Unsichere suchen Unsichere

Wie harmonisch eine Partnerschaft verläuft, hängt unter anderem vom Bindungsstil der Beteiligten ab, einer Art Blaupause für Beziehungen, die jeder Mensch bereits in der Kindheit anlegt. Als „sicher gebunden“ gelten Menschen, die sich vertrauensvoll öffnen können, ohne ihre Eigenständigkeit aufzugeben. Sie haben keine Angst vor Nähe, geraten aber auch nicht in Panik, wenn die Bezugsperson gerade nicht verfügbar ist. Eine unsichere Bindung hingegen kann sich auf verschiedene Arten zeigen. „Unsicher-vermeidend“ Gebundenen etwa fällt es schwer, Nähe zuzulassen, während „unsicher-ängstlich“ Gebundene schnell fürchten, den Menschen, den sie lieben, wieder zu verlieren.

Heute weiß man: Wer mit wem zusammenkommt, ist oft kein Zufall.

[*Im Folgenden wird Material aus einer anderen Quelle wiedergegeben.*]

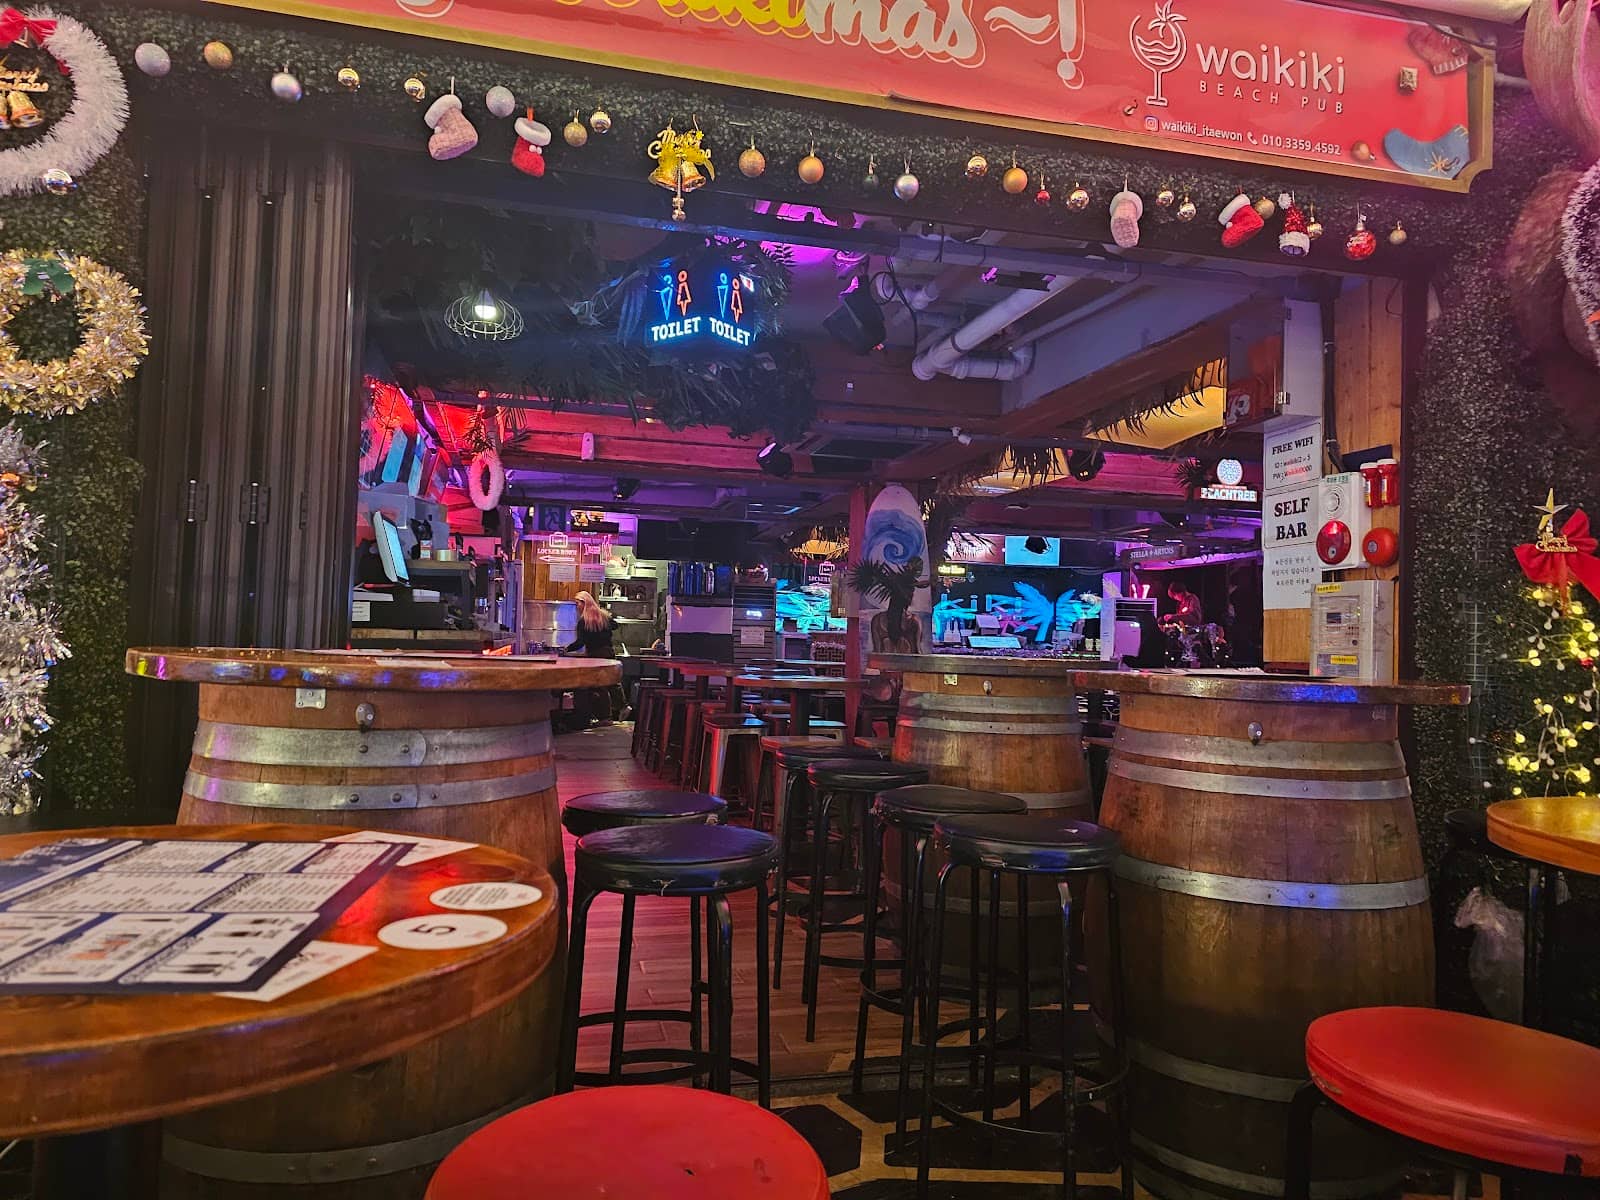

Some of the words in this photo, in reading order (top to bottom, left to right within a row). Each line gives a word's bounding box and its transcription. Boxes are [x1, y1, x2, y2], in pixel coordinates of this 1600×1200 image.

[1196, 43, 1345, 94] waikiki
[1199, 80, 1280, 104] BEACH
[1301, 96, 1343, 114] PUB
[1162, 120, 1243, 142] waikiki_itaewon
[1262, 134, 1341, 155] 010.3359.4592
[651, 316, 701, 342] TOILET
[709, 317, 751, 346] TOILET
[1272, 442, 1293, 455] FREE
[1295, 436, 1313, 449] WIFI
[1274, 497, 1310, 517] SELF
[1276, 522, 1308, 540] BAR
[408, 923, 457, 937] 5
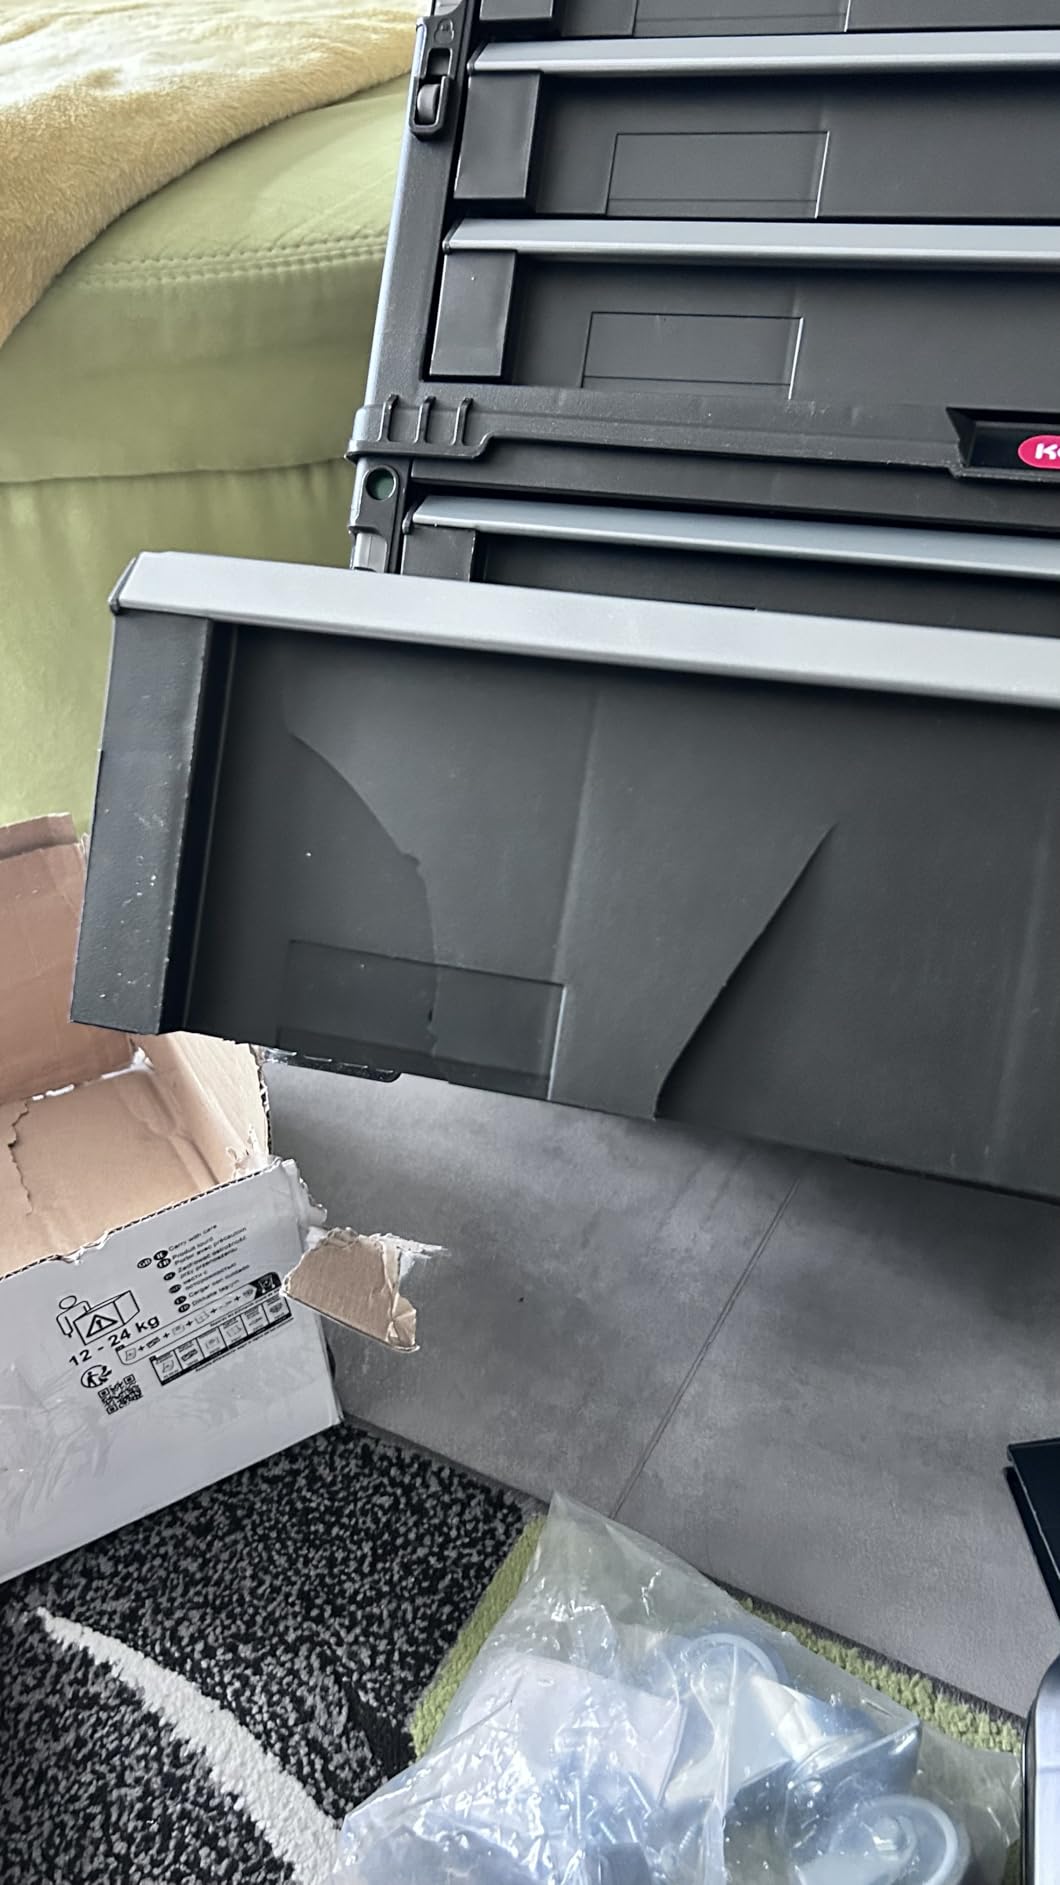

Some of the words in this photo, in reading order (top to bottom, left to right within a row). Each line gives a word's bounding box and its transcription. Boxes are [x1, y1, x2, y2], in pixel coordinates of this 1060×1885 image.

[168, 1241, 186, 1251] Carry
[188, 1233, 201, 1241] with
[203, 1225, 217, 1234] care
[172, 1246, 196, 1260] Produit
[196, 1245, 212, 1255] avec
[69, 1350, 92, 1366] 12
[108, 1328, 131, 1347] 24
[135, 1316, 160, 1333] kg

Sicher und sicher gesellt sich gern, unsicher gebundene Menschen suchen sich häufig eine Person, die einen ähnlichen Grad an Bindungsproblemen mitbringt. Eine Kombination sei dabei typisch, sagt Christian Roesler, Paartherapeut und Professor für klinische Psychologie an der Katholischen Hochschule Freiburg: „Mit am häufigsten sehen wir in der Therapie Paare, von denen eine Person unsicher- vermeidend, die andere unsicher-ängstlich gebunden ist. Hier ziehen sich Gegensätze an.“

Heißt: In konfliktreichen Beziehungen leidet häufig eine Person unter Verlust­angst. Sie benötigt viel Bestätigung, um sich sicher zu fühlen. Der Partner jedoch – tatsächlich nehmen diese Rolle eher Männer ein – wird umso kühler und abweisender, je mehr er sich bedrängt fühlt. Die Folge ist mitunter ein Teufelskreis aus Klammern und Mauern, der die Beziehung zu zerstören droht.

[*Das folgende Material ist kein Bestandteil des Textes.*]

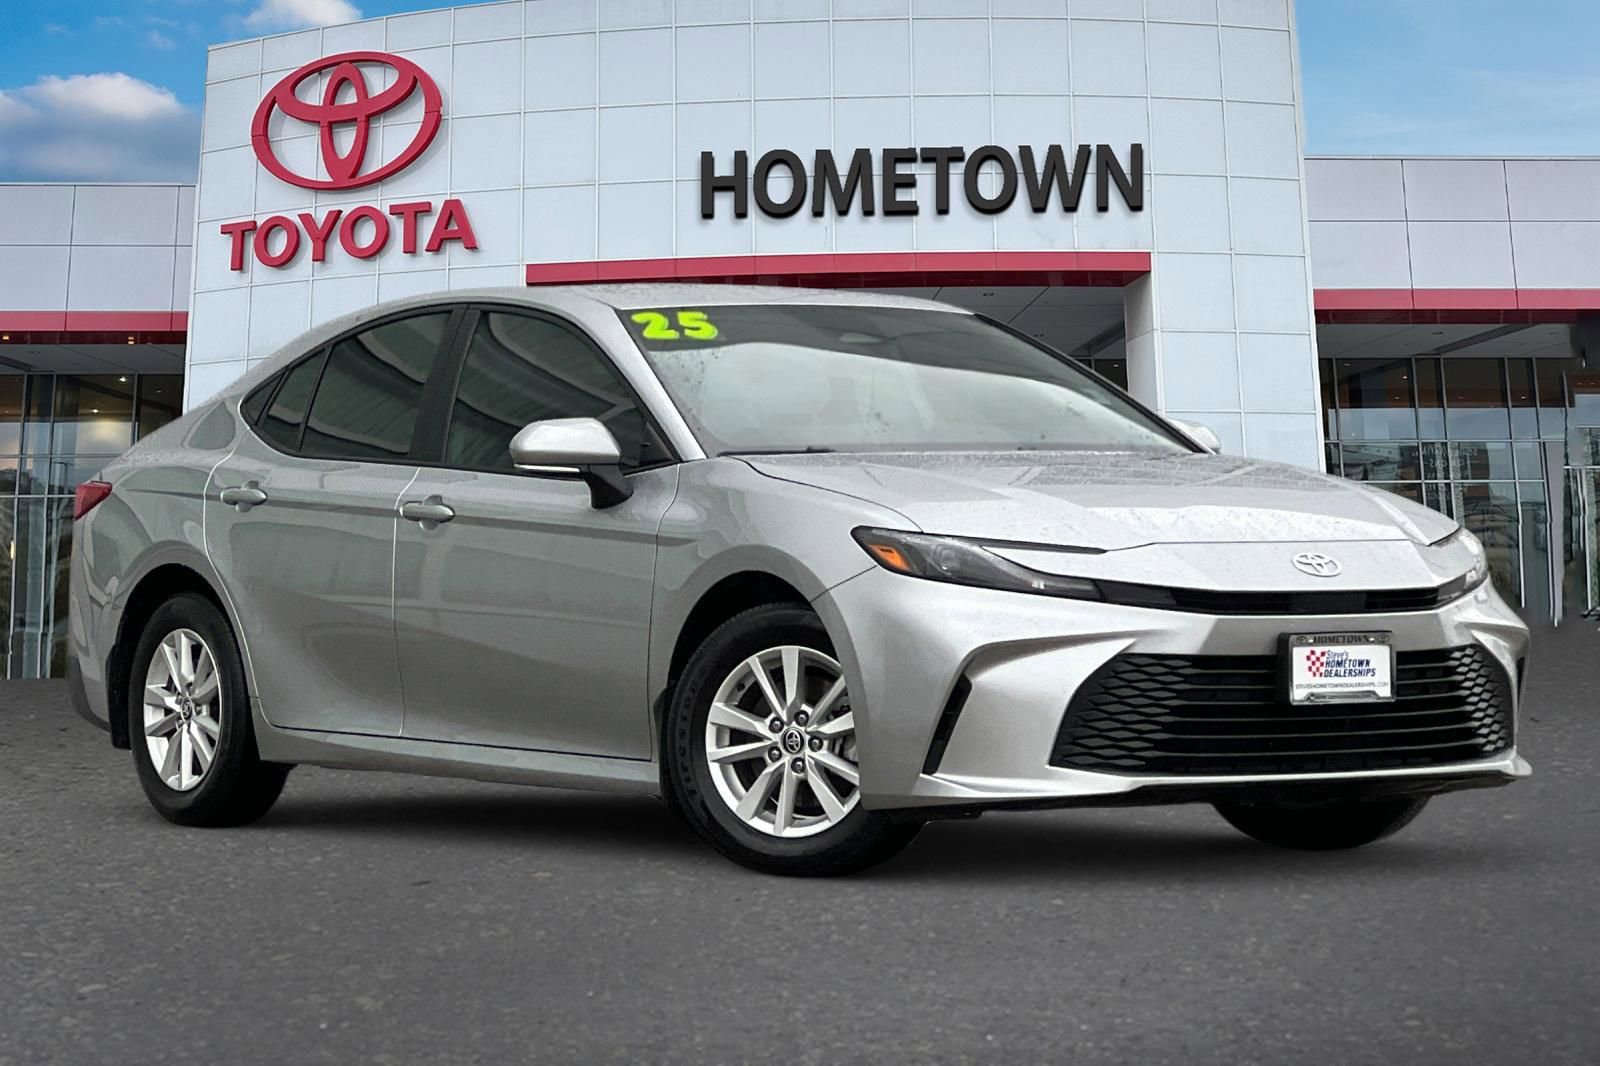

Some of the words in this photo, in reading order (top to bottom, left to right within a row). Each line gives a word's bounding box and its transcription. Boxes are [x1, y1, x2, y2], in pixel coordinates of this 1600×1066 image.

[700, 144, 1144, 219] HOMETOWN
[220, 198, 479, 271] TOYOTA
[630, 311, 718, 340] 25
[1314, 635, 1373, 643] HOMETOWN
[1326, 650, 1349, 660] Steve's
[1325, 659, 1371, 668] HOMETOWN
[1324, 668, 1377, 677] DEALERSHIPS

Ein wichtiger Blick auf die Qualifikation

Doch mit professioneller Hilfe lässt er sich durchbrechen. Hilfe für Paare hat verschiedene Namen. Ob sich ein Angebot Paartherapie, Paarberatung oder Paarcoaching nennt, sagt nicht unbedingt etwas über Umfang und Qualität aus. Einige Anbieterinnen und Anbieter entscheiden sich schlicht für den Begriff „Beratung“ oder „Coaching“, weil manche Paare damit weniger Berührungsängste haben. Da die Bezeichnungen „Paartherapeutin“, „Paarberater“ oder „Paarcoach“ keine geschützten Begriffe sind, sich also im Prinzip jede und jeder so nennen kann, sollte man sich allerdings ein genaues Bild von der Qualifikation der Person machen, der man die eigene Beziehung anvertraut.

„Oft bieten approbierte Psychotherapeuten und -therapeutinnen Paartherapie an. Sie bringen das nötige Know-how über psychische Prozesse und Störungen mit, die oft eine Rolle spielen“, erklärt Guy Bodenmann, Paartherapeut und Professor für klinische Psychologie mit den Schwerpunkten Kinder/Jugendliche und Paare/Familien an der Universität Zürich.

„Doch auch sie sind nicht automatisch für die Paartherapie qualifiziert. Nur wenn die Person eine intensive Zusatzausbildung vorweisen kann, ist man in guten Händen“, gibt die Paartherapeutin Friederike von Tiedemann, Leiterin des Hans-Jellouschek-Instituts, zu bedenken. Neben Psychotherapeutinnen und -therapeuten kommen außerdem auch Sozialarbeiter, Sozialpädagoginnen oder Seelsorgende mit einer entsprechenden Zusatzausbildung infrage. Doch was passiert in einer Paartherapie?

Die nächste Etappe des gemeinsamen Pfades

Forschende der University of California entdeckten ein gemeinsames Grundgerüst erfolgreicher Interventionen für Paare, egal um welchen konkreten Ansatz es sich handelt: Zunächst geht es darum, die guten Seiten der Partnerin oder des Partners hervorzuheben, auch um sich daran zu erinnern, worum es sich zu kämpfen lohnt. Was schätzt man am anderen? Wie hat man sich damals kennengelernt?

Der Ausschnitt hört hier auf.